> DATASET RECORDS:
= Beginning of Section =
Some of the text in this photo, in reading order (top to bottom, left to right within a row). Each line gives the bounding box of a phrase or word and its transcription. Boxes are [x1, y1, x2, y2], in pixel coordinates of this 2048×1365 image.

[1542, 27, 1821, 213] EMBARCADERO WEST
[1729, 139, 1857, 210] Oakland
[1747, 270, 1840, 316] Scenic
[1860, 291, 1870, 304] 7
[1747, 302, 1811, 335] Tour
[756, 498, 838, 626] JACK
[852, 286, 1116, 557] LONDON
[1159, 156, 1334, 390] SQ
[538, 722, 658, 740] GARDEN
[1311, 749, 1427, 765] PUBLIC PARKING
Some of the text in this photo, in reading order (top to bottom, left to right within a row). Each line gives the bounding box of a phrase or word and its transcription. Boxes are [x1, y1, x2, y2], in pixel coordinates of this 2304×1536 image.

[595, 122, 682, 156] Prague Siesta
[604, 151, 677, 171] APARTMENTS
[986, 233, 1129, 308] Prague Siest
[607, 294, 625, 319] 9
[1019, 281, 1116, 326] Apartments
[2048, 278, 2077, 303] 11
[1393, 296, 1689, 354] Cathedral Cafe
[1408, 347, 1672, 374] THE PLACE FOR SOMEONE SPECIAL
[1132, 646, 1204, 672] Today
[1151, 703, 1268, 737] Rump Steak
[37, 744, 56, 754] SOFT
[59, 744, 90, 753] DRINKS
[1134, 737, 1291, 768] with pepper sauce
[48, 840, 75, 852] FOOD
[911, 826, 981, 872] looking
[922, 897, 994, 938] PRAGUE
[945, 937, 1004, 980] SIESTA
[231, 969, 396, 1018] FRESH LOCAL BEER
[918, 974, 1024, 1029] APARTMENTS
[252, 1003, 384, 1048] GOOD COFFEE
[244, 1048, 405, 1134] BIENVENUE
= End of Section =
> DIRECTIONS FOR THIS TASK: Retype the data in full, and keep every line identical to the original.

> OUTPUT OF THE TASK:
Some of the text in this photo, in reading order (top to bottom, left to right within a row). Each line gives the bounding box of a phrase or word and its transcription. Boxes are [x1, y1, x2, y2], in pixel coordinates of this 2048×1365 image.

[1542, 27, 1821, 213] EMBARCADERO WEST
[1729, 139, 1857, 210] Oakland
[1747, 270, 1840, 316] Scenic
[1860, 291, 1870, 304] 7
[1747, 302, 1811, 335] Tour
[756, 498, 838, 626] JACK
[852, 286, 1116, 557] LONDON
[1159, 156, 1334, 390] SQ
[538, 722, 658, 740] GARDEN
[1311, 749, 1427, 765] PUBLIC PARKING
Some of the text in this photo, in reading order (top to bottom, left to right within a row). Each line gives the bounding box of a phrase or word and its transcription. Boxes are [x1, y1, x2, y2], in pixel coordinates of this 2304×1536 image.

[595, 122, 682, 156] Prague Siesta
[604, 151, 677, 171] APARTMENTS
[986, 233, 1129, 308] Prague Siest
[607, 294, 625, 319] 9
[1019, 281, 1116, 326] Apartments
[2048, 278, 2077, 303] 11
[1393, 296, 1689, 354] Cathedral Cafe
[1408, 347, 1672, 374] THE PLACE FOR SOMEONE SPECIAL
[1132, 646, 1204, 672] Today
[1151, 703, 1268, 737] Rump Steak
[37, 744, 56, 754] SOFT
[59, 744, 90, 753] DRINKS
[1134, 737, 1291, 768] with pepper sauce
[48, 840, 75, 852] FOOD
[911, 826, 981, 872] looking
[922, 897, 994, 938] PRAGUE
[945, 937, 1004, 980] SIESTA
[231, 969, 396, 1018] FRESH LOCAL BEER
[918, 974, 1024, 1029] APARTMENTS
[252, 1003, 384, 1048] GOOD COFFEE
[244, 1048, 405, 1134] BIENVENUE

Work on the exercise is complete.